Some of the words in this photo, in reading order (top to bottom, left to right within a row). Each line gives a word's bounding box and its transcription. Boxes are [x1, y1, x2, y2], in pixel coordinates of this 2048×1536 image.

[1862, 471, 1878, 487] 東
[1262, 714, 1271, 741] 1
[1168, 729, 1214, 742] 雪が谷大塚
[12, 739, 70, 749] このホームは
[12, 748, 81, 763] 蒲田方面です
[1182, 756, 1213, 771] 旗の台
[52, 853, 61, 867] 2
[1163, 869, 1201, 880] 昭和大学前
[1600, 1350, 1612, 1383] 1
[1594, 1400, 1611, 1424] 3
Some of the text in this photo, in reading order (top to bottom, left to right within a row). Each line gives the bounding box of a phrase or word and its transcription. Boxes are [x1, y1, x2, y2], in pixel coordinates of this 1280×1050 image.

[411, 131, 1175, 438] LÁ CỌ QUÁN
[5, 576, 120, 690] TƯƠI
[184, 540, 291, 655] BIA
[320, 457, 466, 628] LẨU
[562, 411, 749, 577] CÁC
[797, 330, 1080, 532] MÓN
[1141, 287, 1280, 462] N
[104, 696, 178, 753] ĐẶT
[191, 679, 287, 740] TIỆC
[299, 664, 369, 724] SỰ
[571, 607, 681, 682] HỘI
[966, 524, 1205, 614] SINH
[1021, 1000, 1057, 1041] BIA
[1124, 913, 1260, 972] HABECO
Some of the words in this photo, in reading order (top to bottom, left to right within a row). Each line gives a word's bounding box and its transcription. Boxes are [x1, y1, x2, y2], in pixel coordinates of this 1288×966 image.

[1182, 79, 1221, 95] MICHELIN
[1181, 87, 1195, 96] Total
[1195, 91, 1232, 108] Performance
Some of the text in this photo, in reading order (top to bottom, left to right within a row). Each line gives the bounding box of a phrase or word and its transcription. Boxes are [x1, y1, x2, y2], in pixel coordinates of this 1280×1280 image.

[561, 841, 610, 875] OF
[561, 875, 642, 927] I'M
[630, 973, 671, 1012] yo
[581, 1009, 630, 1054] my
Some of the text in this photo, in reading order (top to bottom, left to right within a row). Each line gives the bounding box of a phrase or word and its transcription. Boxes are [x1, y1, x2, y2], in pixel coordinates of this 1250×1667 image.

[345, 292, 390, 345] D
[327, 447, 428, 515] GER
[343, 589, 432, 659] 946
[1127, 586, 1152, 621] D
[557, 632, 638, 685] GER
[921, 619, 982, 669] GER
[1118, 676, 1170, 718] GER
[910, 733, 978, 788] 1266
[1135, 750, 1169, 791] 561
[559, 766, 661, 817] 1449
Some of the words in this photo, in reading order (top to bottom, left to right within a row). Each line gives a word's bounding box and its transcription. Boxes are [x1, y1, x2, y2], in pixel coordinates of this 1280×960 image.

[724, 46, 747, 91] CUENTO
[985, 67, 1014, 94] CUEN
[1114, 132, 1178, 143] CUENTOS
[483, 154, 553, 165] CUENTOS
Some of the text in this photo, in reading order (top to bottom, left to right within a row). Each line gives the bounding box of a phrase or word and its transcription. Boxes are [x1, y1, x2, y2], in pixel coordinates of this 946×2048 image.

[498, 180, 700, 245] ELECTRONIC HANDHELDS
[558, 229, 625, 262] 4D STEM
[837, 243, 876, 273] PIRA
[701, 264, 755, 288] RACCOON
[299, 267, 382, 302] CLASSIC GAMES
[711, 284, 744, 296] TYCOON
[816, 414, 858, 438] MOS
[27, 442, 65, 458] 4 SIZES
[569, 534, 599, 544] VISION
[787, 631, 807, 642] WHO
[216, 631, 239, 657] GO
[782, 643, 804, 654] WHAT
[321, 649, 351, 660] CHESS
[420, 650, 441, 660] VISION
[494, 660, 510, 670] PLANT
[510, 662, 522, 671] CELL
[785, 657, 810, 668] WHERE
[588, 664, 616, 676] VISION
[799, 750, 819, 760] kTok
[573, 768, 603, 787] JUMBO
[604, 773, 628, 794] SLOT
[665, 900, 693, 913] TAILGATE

--------------------

**ASSIGNMENT:** Every line above is to be duplicated exactly as shown.

**EXERCISE RESULT:**
Some of the words in this photo, in reading order (top to bottom, left to right within a row). Each line gives a word's bounding box and its transcription. Boxes are [x1, y1, x2, y2], in pixel coordinates of this 2048×1536 image.

[1862, 471, 1878, 487] 東
[1262, 714, 1271, 741] 1
[1168, 729, 1214, 742] 雪が谷大塚
[12, 739, 70, 749] このホームは
[12, 748, 81, 763] 蒲田方面です
[1182, 756, 1213, 771] 旗の台
[52, 853, 61, 867] 2
[1163, 869, 1201, 880] 昭和大学前
[1600, 1350, 1612, 1383] 1
[1594, 1400, 1611, 1424] 3
Some of the text in this photo, in reading order (top to bottom, left to right within a row). Each line gives the bounding box of a phrase or word and its transcription. Boxes are [x1, y1, x2, y2], in pixel coordinates of this 1280×1050 image.

[411, 131, 1175, 438] LÁ CỌ QUÁN
[5, 576, 120, 690] TƯƠI
[184, 540, 291, 655] BIA
[320, 457, 466, 628] LẨU
[562, 411, 749, 577] CÁC
[797, 330, 1080, 532] MÓN
[1141, 287, 1280, 462] N
[104, 696, 178, 753] ĐẶT
[191, 679, 287, 740] TIỆC
[299, 664, 369, 724] SỰ
[571, 607, 681, 682] HỘI
[966, 524, 1205, 614] SINH
[1021, 1000, 1057, 1041] BIA
[1124, 913, 1260, 972] HABECO
Some of the words in this photo, in reading order (top to bottom, left to right within a row). Each line gives a word's bounding box and its transcription. Boxes are [x1, y1, x2, y2], in pixel coordinates of this 1288×966 image.

[1182, 79, 1221, 95] MICHELIN
[1181, 87, 1195, 96] Total
[1195, 91, 1232, 108] Performance
Some of the text in this photo, in reading order (top to bottom, left to right within a row). Each line gives the bounding box of a phrase or word and its transcription. Boxes are [x1, y1, x2, y2], in pixel coordinates of this 1280×1280 image.

[561, 841, 610, 875] OF
[561, 875, 642, 927] I'M
[630, 973, 671, 1012] yo
[581, 1009, 630, 1054] my
Some of the text in this photo, in reading order (top to bottom, left to right within a row). Each line gives the bounding box of a phrase or word and its transcription. Boxes are [x1, y1, x2, y2], in pixel coordinates of this 1250×1667 image.

[345, 292, 390, 345] D
[327, 447, 428, 515] GER
[343, 589, 432, 659] 946
[1127, 586, 1152, 621] D
[557, 632, 638, 685] GER
[921, 619, 982, 669] GER
[1118, 676, 1170, 718] GER
[910, 733, 978, 788] 1266
[1135, 750, 1169, 791] 561
[559, 766, 661, 817] 1449
Some of the words in this photo, in reading order (top to bottom, left to right within a row). Each line gives a word's bounding box and its transcription. Boxes are [x1, y1, x2, y2], in pixel coordinates of this 1280×960 image.

[724, 46, 747, 91] CUENTO
[985, 67, 1014, 94] CUEN
[1114, 132, 1178, 143] CUENTOS
[483, 154, 553, 165] CUENTOS
Some of the text in this photo, in reading order (top to bottom, left to right within a row). Each line gives the bounding box of a phrase or word and its transcription. Boxes are [x1, y1, x2, y2], in pixel coordinates of this 946×2048 image.

[498, 180, 700, 245] ELECTRONIC HANDHELDS
[558, 229, 625, 262] 4D STEM
[837, 243, 876, 273] PIRA
[701, 264, 755, 288] RACCOON
[299, 267, 382, 302] CLASSIC GAMES
[711, 284, 744, 296] TYCOON
[816, 414, 858, 438] MOS
[27, 442, 65, 458] 4 SIZES
[569, 534, 599, 544] VISION
[787, 631, 807, 642] WHO
[216, 631, 239, 657] GO
[782, 643, 804, 654] WHAT
[321, 649, 351, 660] CHESS
[420, 650, 441, 660] VISION
[494, 660, 510, 670] PLANT
[510, 662, 522, 671] CELL
[785, 657, 810, 668] WHERE
[588, 664, 616, 676] VISION
[799, 750, 819, 760] kTok
[573, 768, 603, 787] JUMBO
[604, 773, 628, 794] SLOT
[665, 900, 693, 913] TAILGATE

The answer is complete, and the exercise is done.